Do you ever find that you are not the patient, compassionate problem solver you believe yourself to be? Are you surprised at how irritated or flustered the normally unflappable you becomes in the presence of a specific colleague at work? Have you ever felt your temper accelerate from zero to sixty when another driver cuts you off in traffic?
As Marshall Goldsmith points out in Triggers: Creating Behavior That Lasts – Becoming the Person You Want to Be, our reactions don’t occur in a vacuum. They are usually the result of unappreciated triggers in our environment—the people and situations that lure us into behaving in a manner diametrically opposed to the colleague, partner, parent, or friend we imagine ourselves to be.
These triggers are constant and relentless and omnipresent. The smell of bacon wafts up from the kitchen, and we forget our doctor’s advice on lowering our cholesterol. Our phone chirps, and we glance instinctively at the glaring screen instead of looking into the eyes of the person we are with. So often the environment seems to be outside our control. Even if that is true, as Goldsmith points out, we have a choice in how we respond.
The first step to conquering triggers is to stop believing that old dogs can’t learn new tricks. Though our nature may seem rather permanent at this point in our lives, Triggers provides ample step-by-step support to conquer our stay-in-place instincts.
In Triggers, Goldsmith offers a simple “magic bullet” solution in the form of daily self-monitoring, hinging around what he calls “active” questions. These are questions that measure our effort, not our results. There’s a difference between achieving and trying; we can’t always achieve a desired result, but anyone can try.
Change, no matter how urgent and clear the need, is hard. Knowing what to do does not ensure that we will actually do it. We are superior planners, says Goldsmith, but become inferior doers as our environment exerts its influence through the course of our day. We forget our intentions. We become tired, even depleted, and allow our discipline to drain down like water in a leaky bucket.

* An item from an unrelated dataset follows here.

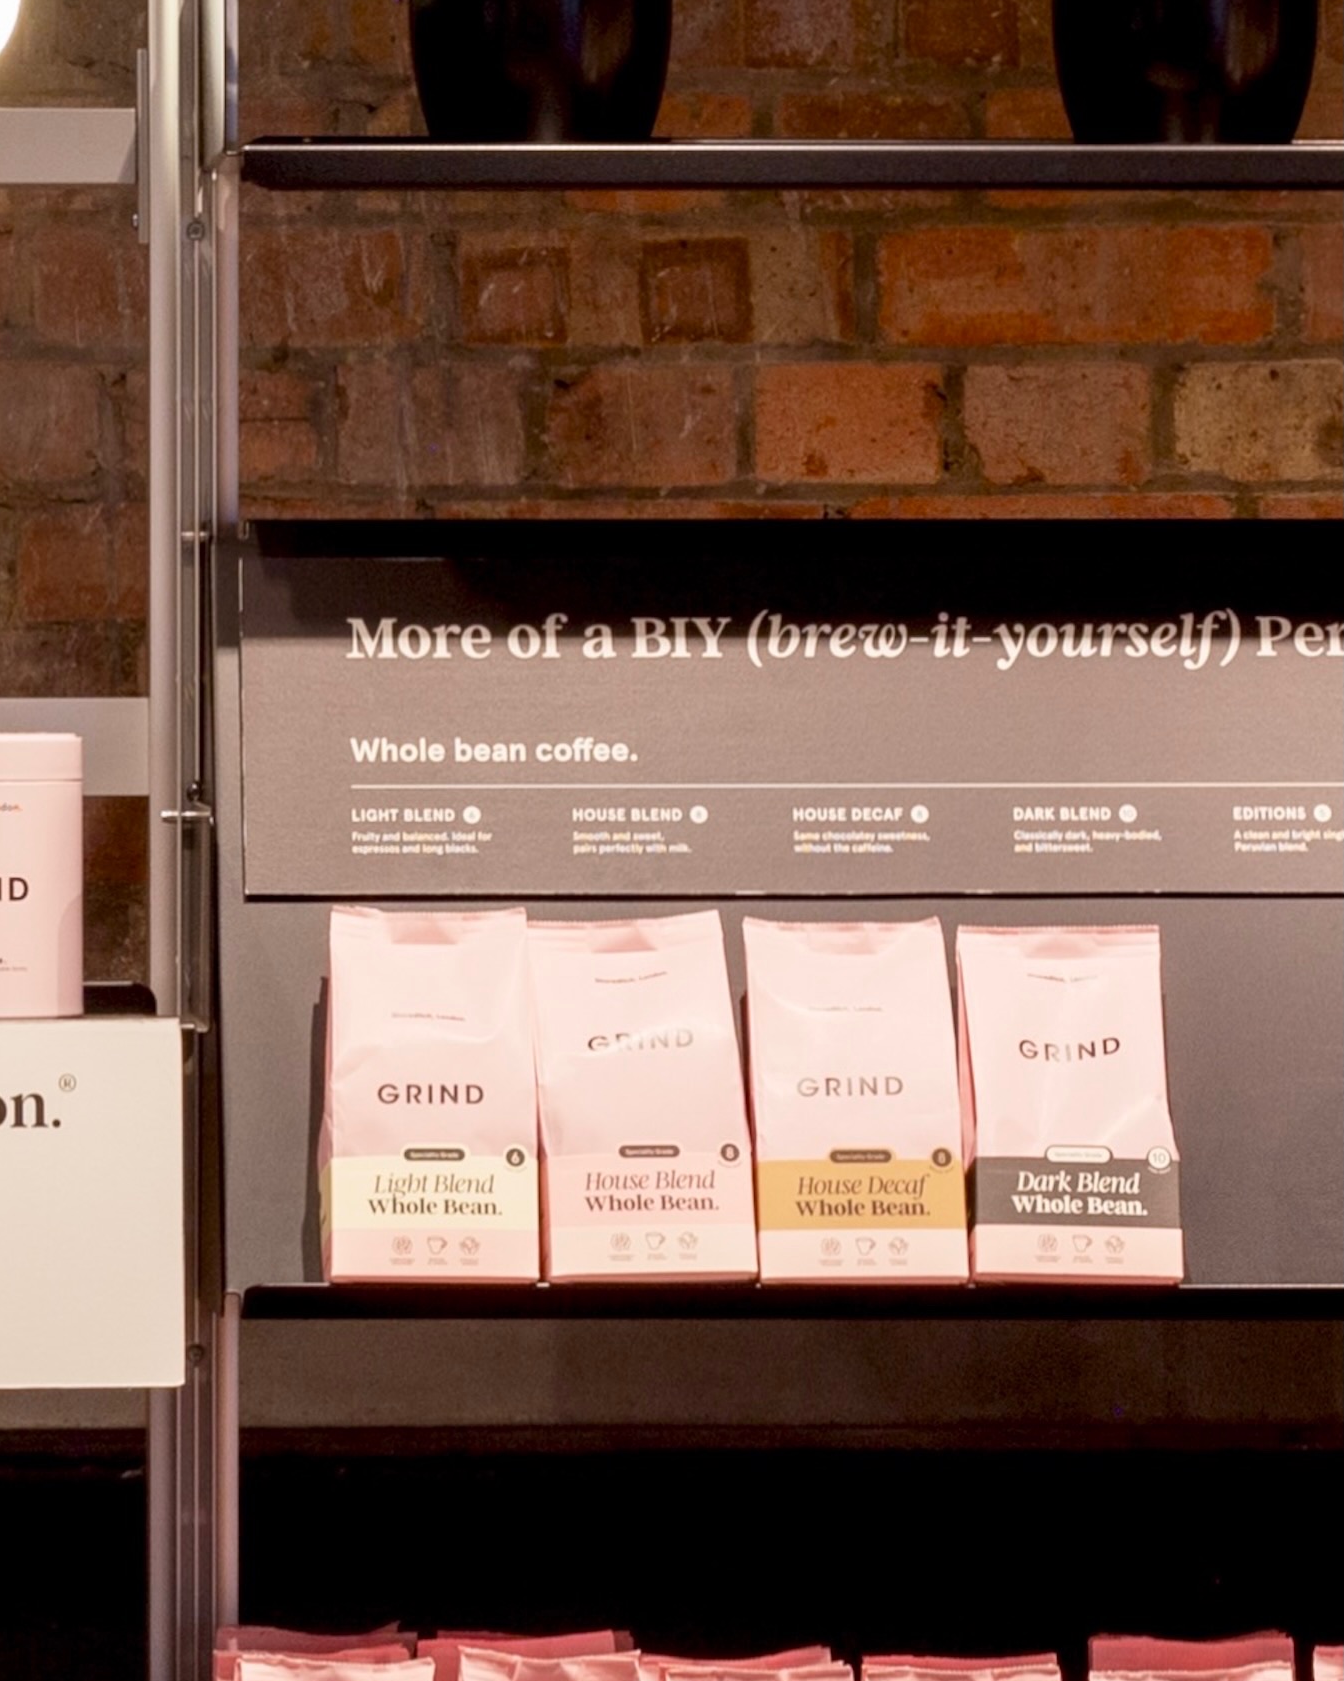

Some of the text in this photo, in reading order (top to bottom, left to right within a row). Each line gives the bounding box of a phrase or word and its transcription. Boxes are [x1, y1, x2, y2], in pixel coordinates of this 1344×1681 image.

To avoid falling back into poor behavioral patterns, Goldsmith offers six questions to ask yourself everyday to keep your goals fresh:
- Did I do my best to set clear goals today?
- Did I do my best to progress toward my goals today?
- Did I do my best to find meaning today?
- Did I do my best to be happy today?
- Did I do my best to build positive relationships today?
- Did I do my best to be fully engaged today?